Aménagement du territoire: pourquoi la création d’une région du Nimba en Côte d’Ivoire est une nécessité

Dans l’ouest de la Côte d’Ivoire, la question d’une éventuelle division de la région du Tonkpi afin de créer une région du Nimba, avec Danané comme capitale, revient régulièrement dans les discussions politiques, administratives et universitaires. Pour de nombreux acteurs locaux, cette réforme dépasse le simple redécoupage territorial : elle représenterait un levier stratégique de développement, tout en consacrant symboliquement l’importance d’un espace géographique majeur partagé avec les pays voisins.

Une région vaste et difficile à administrer

Aujourd’hui, la région du Tonkpi, dont le chef-lieu est Man, couvre un territoire particulièrement étendu et accidenté. Elle regroupe plusieurs départements et de nombreuses sous-préfectures parfois éloignées du centre administratif régional.

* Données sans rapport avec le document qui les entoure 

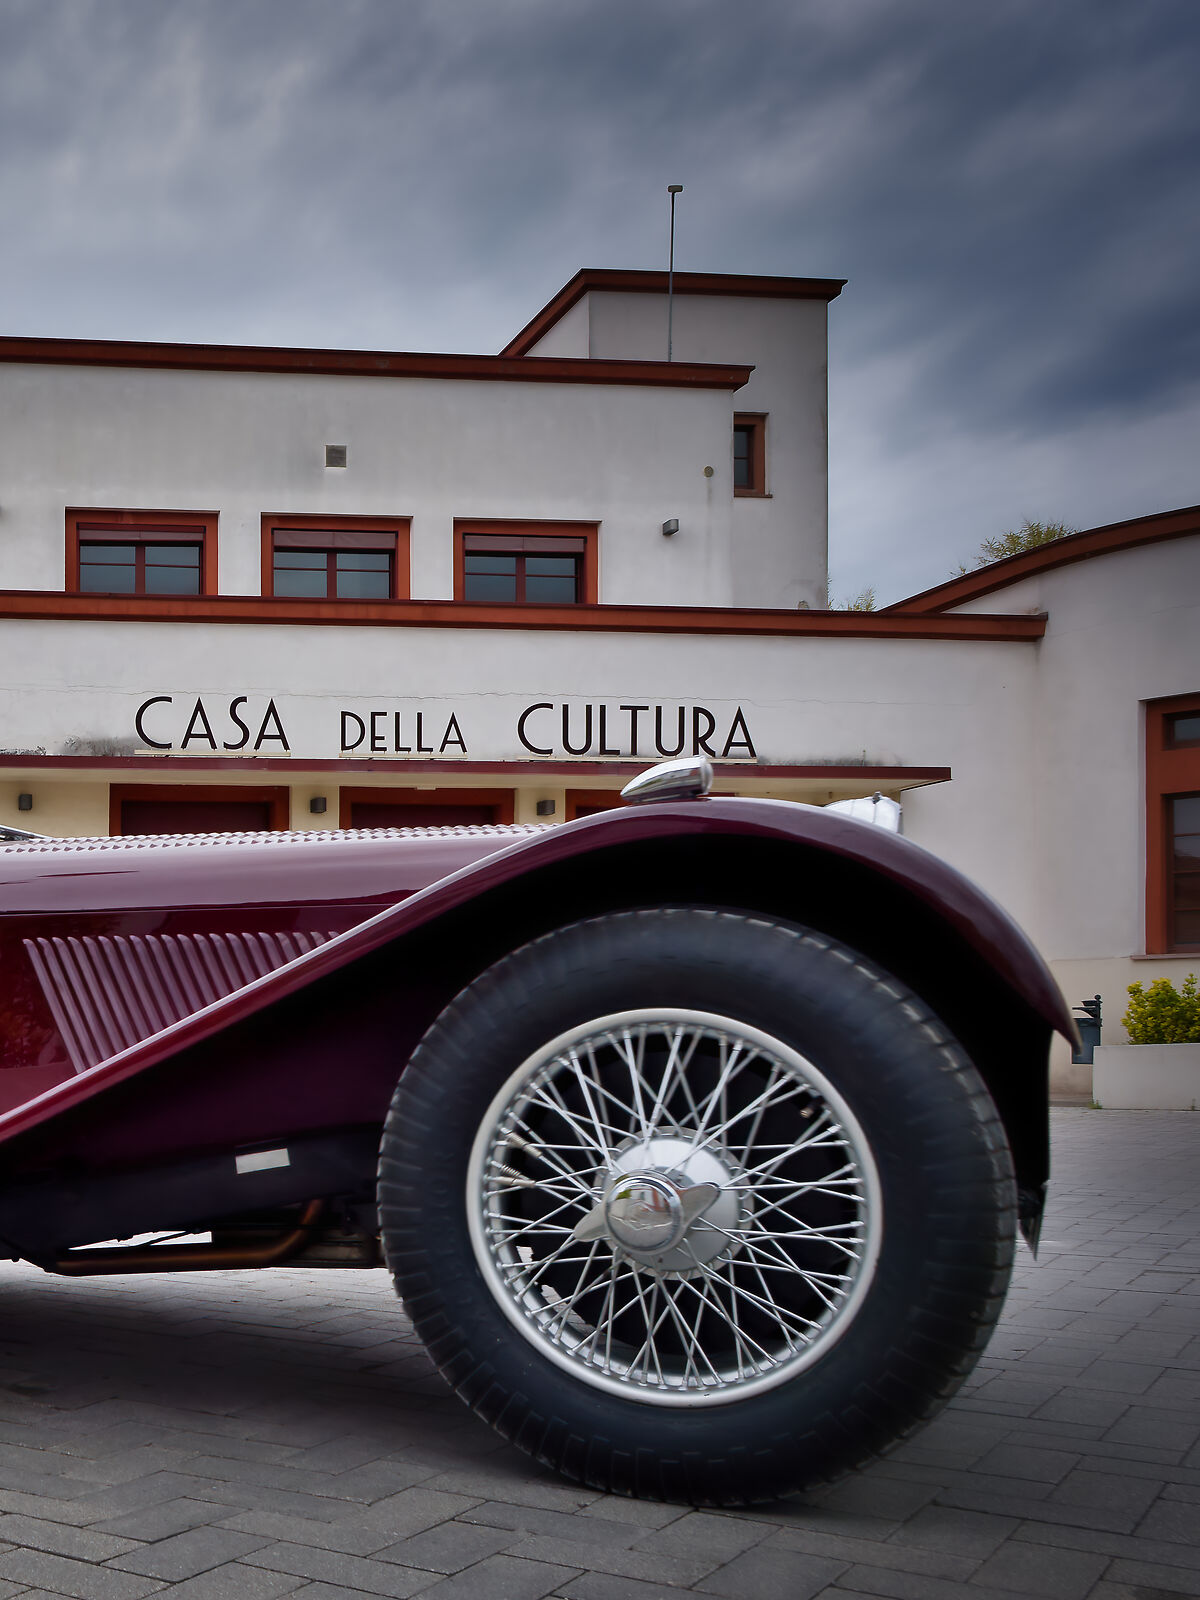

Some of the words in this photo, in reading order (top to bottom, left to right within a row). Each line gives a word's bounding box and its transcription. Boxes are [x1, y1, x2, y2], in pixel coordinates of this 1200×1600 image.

[135, 696, 290, 750] CASA
[341, 711, 467, 752] DELLA
[518, 703, 756, 758] CULTURA

Dans ces conditions, certains observateurs estiment que la gestion administrative peut s’avérer complexe, ralentissant la mise en œuvre de certaines politiques publiques et le suivi des projets de développement. La création d’une région du Nimba permettrait de rapprocher l’administration des populations et d’améliorer la coordination des services publics dans cette partie montagneuse du pays.

Avec Danané comme capitale régionale, cette nouvelle entité pourrait constituer un second pôle administratif dans l’ouest ivoirien, venant compléter celui de Man.

Réduire les déséquilibres de développement

Les partisans de ce projet soulignent également que le redécoupage territorial pourrait contribuer à corriger certains déséquilibres en matière d’infrastructures et d’investissements publics dans l’ouest du pays.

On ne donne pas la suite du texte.